Sichuan-style smashed cucumber salad
Explore the vibrant flavors of Sichuan cuisine with this zesty smashed cucumber salad. Immerse your taste buds in a symphony of spicy, tangy, and refreshing notes. Perfect for those craving a culinary adventure.
Ingredients:
- 1 whole English cucumber, washed, peeled in any especially thick areas (see notes)
- Kosher salt
- 2 medium cloves garlic, minced (about 2 teaspoons)

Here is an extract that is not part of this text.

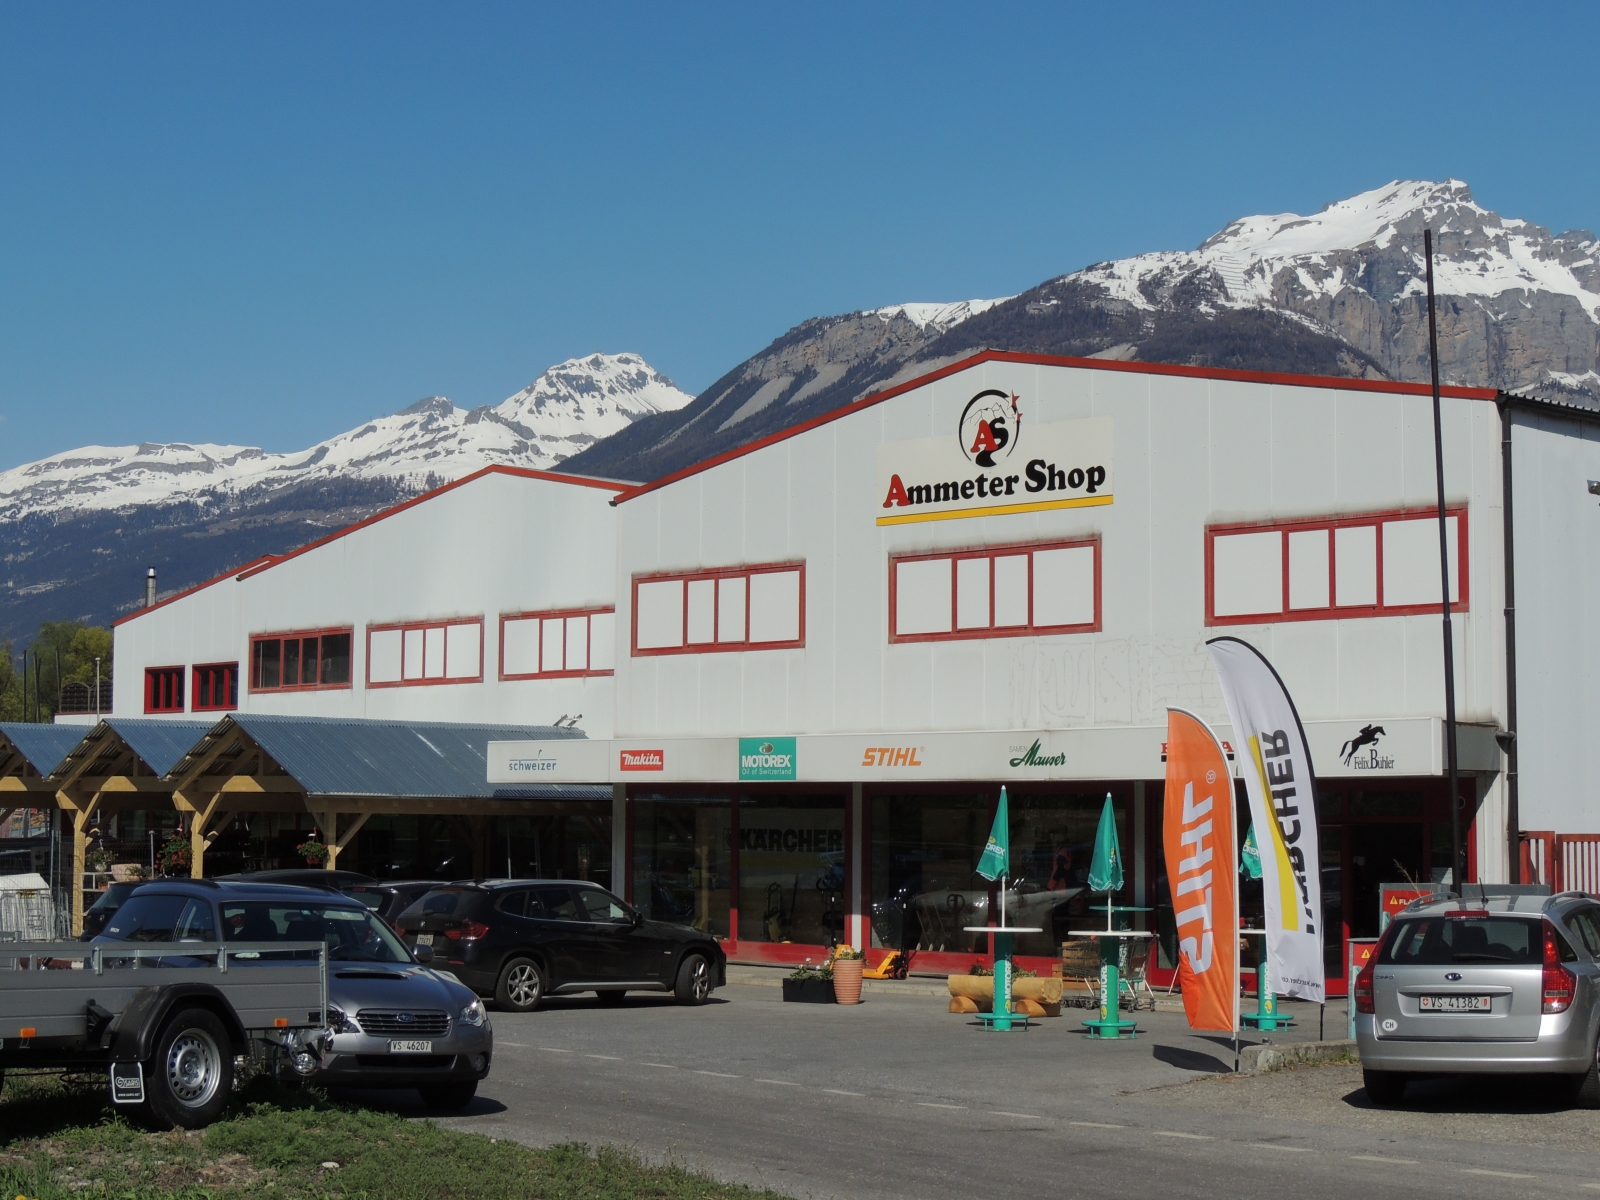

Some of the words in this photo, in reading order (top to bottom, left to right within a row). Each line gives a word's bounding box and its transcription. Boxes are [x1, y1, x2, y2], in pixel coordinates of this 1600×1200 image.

- 1 teaspoon black vinegar or rice vinegar
- 1/2 teaspoon sesame oil (optional)
Instructions:
- Take the cleaned cucumber and place it on a stable, flat, and tidy surface. Gently but firmly hit it using the flat part of a heavy knife or the underside of an 8-inch pan. Repeat this process along the entire length until the cucumber is completely crushed. Cut the cucumber into 1-inch pieces horizontally and place them in a colander positioned over a bowl. Mix in some salt, then refrigerate for 10 minutes. Drain the liquid that comes out and move the cucumber pieces back into the bowl.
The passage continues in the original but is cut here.